Relatives: Correctional officers, inmates don’t have access to adequate protective equipment
HONOLULU, Hawaii (HawaiiNewsNow) - Family members of inmates and corrections officers say the state prison system doesn’t have adequate personal protective equipment to keep people safe.
Kalani Werner, 41, has been a corrections officer for 16 years.
Last week, he pulled long shifts at Oahu Community Correctional Center, where he was in a unit where inmates suspected of having COVID-19 are being housed.
“Monday, Tuesday, he worked double shifts from 6 a.m. to 10 p.m. Wednesday he went into work at 6, called me maybe about 8 o’clock, just to let me know that he’s not feeling well,” said his wife, Naly.
She said by Wednesday night, her husband was feeling worse.
“I told my daughter to stay downstairs before he came home,” she said. “He went straight to the bathroom, showered, went in the room, stayed there the whole time.”
Kalani Werner was tested on Thursday. It came back positive for COVID-19 on Friday, and he was subsequently hospitalized.
[Read a related report: Parolee positive for COVID sent to OCCC, despite state’s knowledge of diagnosis]
His wife believes he got sick because of a lack of PPEs, including masks that were inadequate.
“I had to go out there and search for those PPEs, wipes, sanitizers. But at this time it is very rare to get,” she said, adding everyone else in the home has tested negative for COVID-19.
Meanwhile, a wife of a Laumaka Work Furlough Center inmate fears for his life.
The woman, who asked to remain anonymous, said he’s at higher risk because he’s had two bouts of cancer and has undergone chemotherapy. She said he’s been given only a single cloth mask.
“The masks that they do have, that they were provided, they’re really super thin and flimsy, and there’s only one for months, like for months they’ve only had that one,” she said.
She also said work furlough inmates like her husband should be considered for release.

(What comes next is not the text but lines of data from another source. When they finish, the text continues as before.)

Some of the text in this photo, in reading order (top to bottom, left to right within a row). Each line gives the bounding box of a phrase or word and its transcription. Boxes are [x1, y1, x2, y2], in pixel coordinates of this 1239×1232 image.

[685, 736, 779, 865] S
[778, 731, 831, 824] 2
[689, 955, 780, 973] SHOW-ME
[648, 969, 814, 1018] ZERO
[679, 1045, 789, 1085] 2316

“Why not the Laumaka inmates? They’re already halfway out the door,” she said. “They’re already spending half the time outside of the facility. They’re already at home on their passes. They’re at work in the community, reintegrating.”
In response, a spokeswoman for the Department of Public Safety said: “The furlough program has been suspended during this time to reduce the number of people coming and going from the facility and creating a bigger health crisis within the population under our care and custody.”

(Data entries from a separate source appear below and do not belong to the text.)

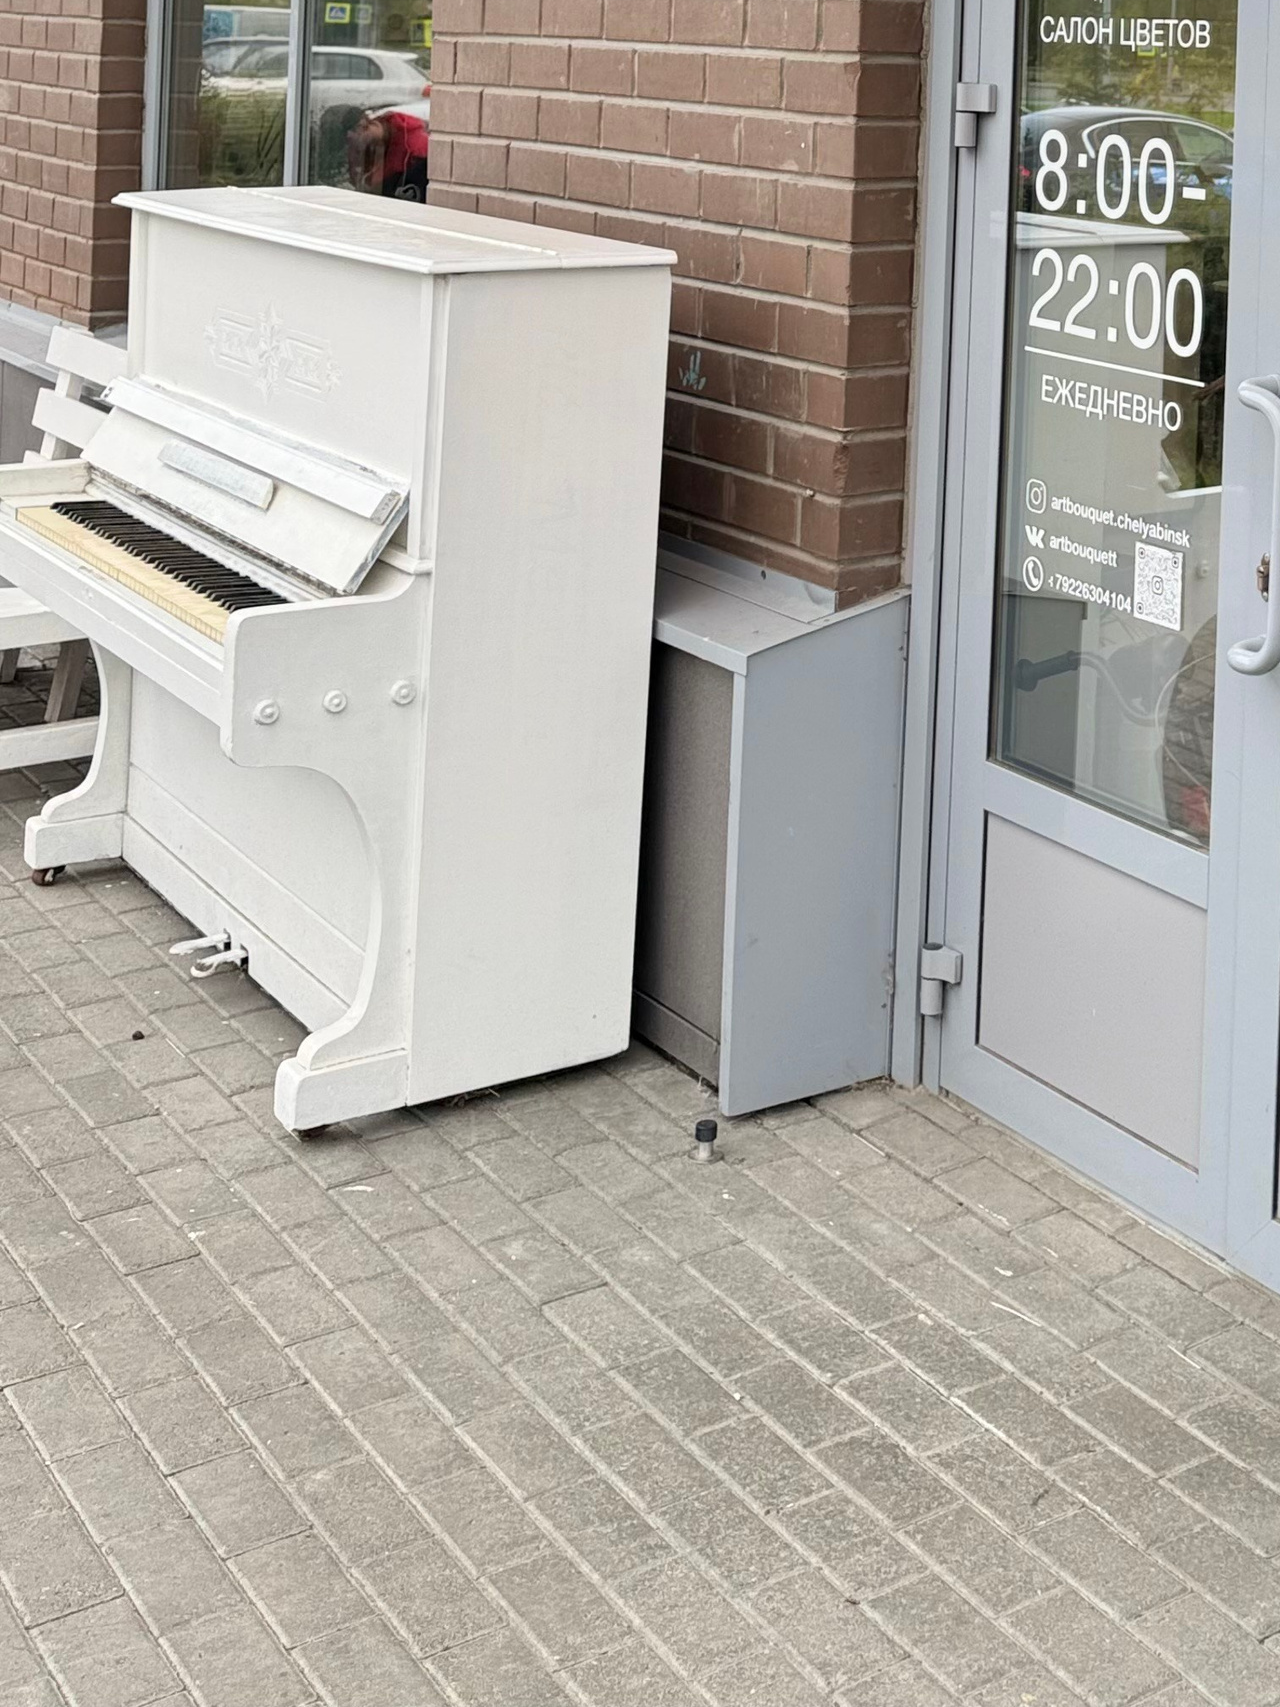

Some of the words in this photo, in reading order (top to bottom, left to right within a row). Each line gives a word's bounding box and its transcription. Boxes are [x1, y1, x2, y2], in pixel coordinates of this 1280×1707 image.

[1040, 16, 1113, 45] САЛОН
[1119, 18, 1211, 51] ЦВЕТОВ
[1035, 129, 1207, 225] 8:00-
[1028, 248, 1204, 358] 22:00
[1041, 374, 1182, 432] ЕЖЕДНЕВНО
[1051, 496, 1190, 548] artbouquet.chelyabinsk
[1049, 533, 1118, 567] artbouquett
[1048, 574, 1132, 614] +79226304104

She added that Laumaka inmates “are sentenced felons that may be eligible for parole by the Hawaii Paroling Authority, if they meet release criteria.”
DPS also said said it instituted a plan for COVID-19, including requiring social distancing if possible, issuing personal protective equipment to staff and face masks to inmates and increasing cleaning.

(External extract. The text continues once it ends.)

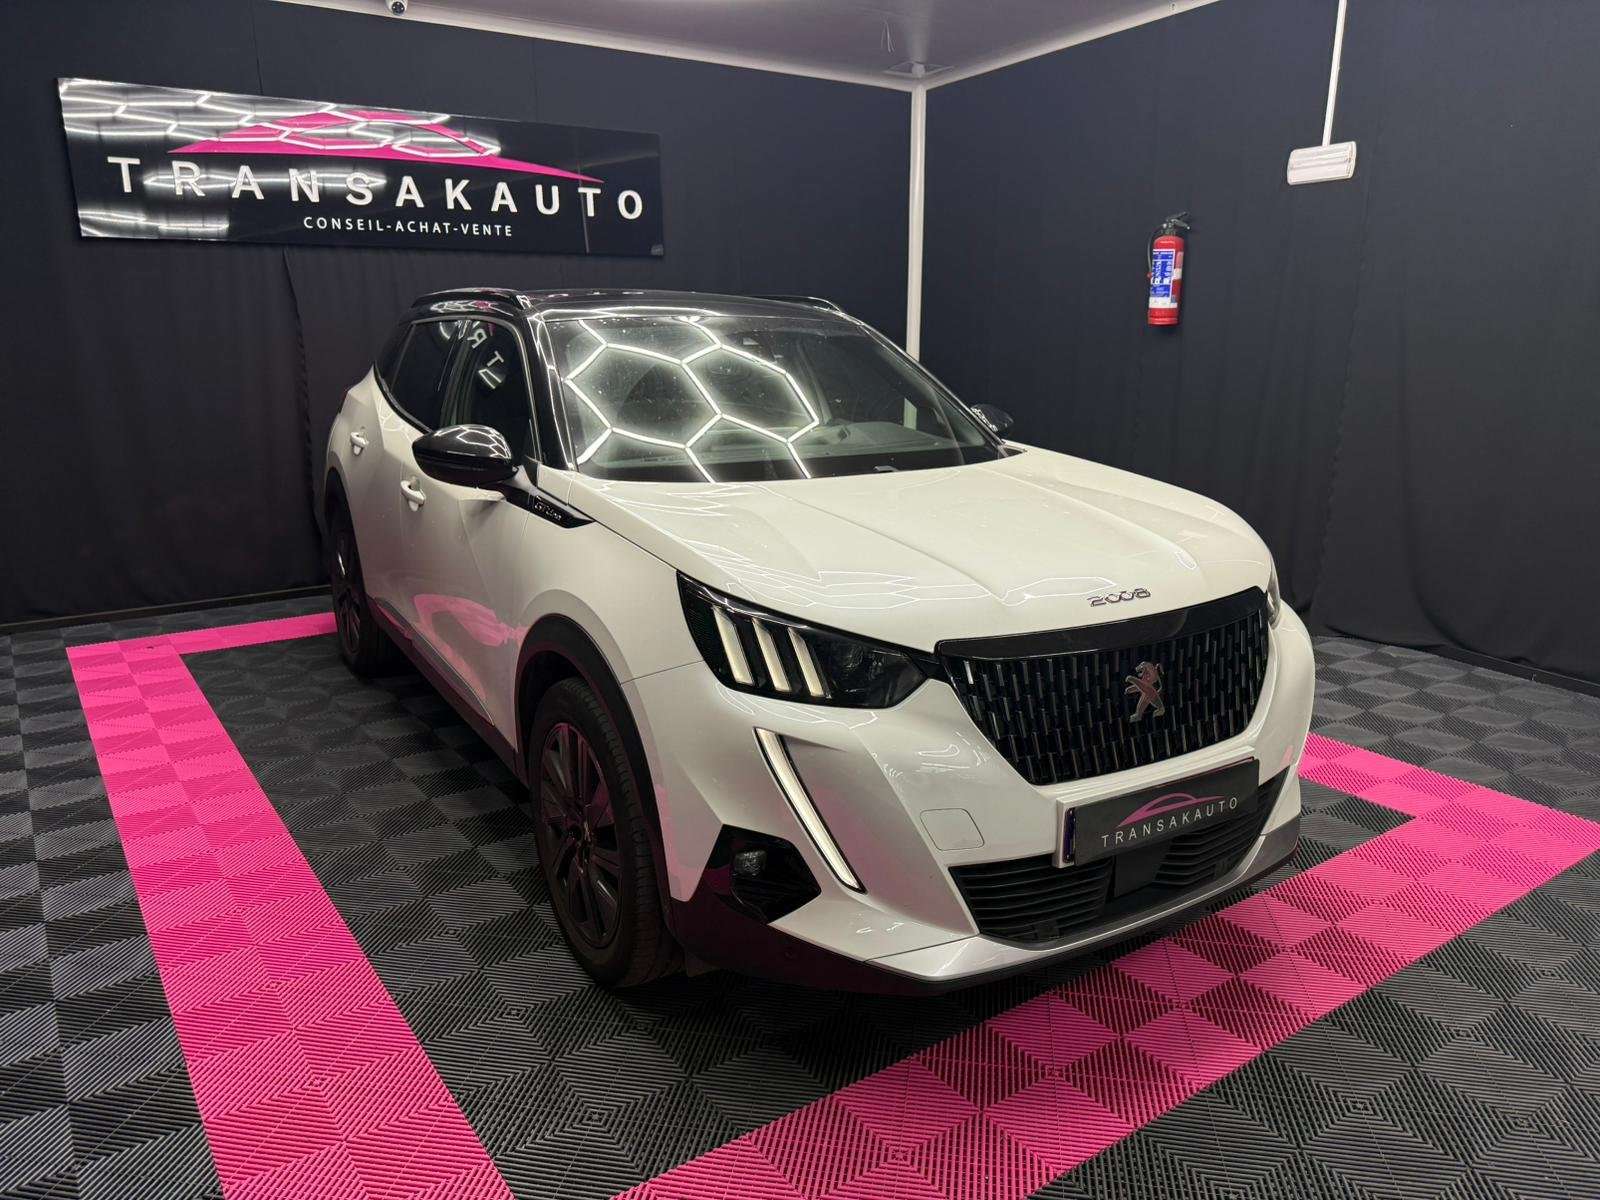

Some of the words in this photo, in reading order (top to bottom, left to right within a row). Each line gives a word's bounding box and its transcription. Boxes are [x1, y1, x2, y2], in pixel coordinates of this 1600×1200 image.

[108, 156, 643, 219] TRANSAKAUTO
[303, 216, 513, 237] CONSEIL-ACHAT-VENTE
[1087, 588, 1151, 607] 2008
[1101, 797, 1238, 848] TRANSAKAUTO

Incoming inmates are also quarantined.
The wife of the Laumaka inmate said he has been tested and was negative for COVID-19.
Kalani Werner’s condition appeared to be improving Friday, and his wife is hopeful that he may be able to come home within a week. But she’s fearful if he goes back to work.
“He can get it again, and what if he passes it on to us?” Naly Werner asked. “So I’m very afraid for those right now that’s in there that has to deal with this every day.”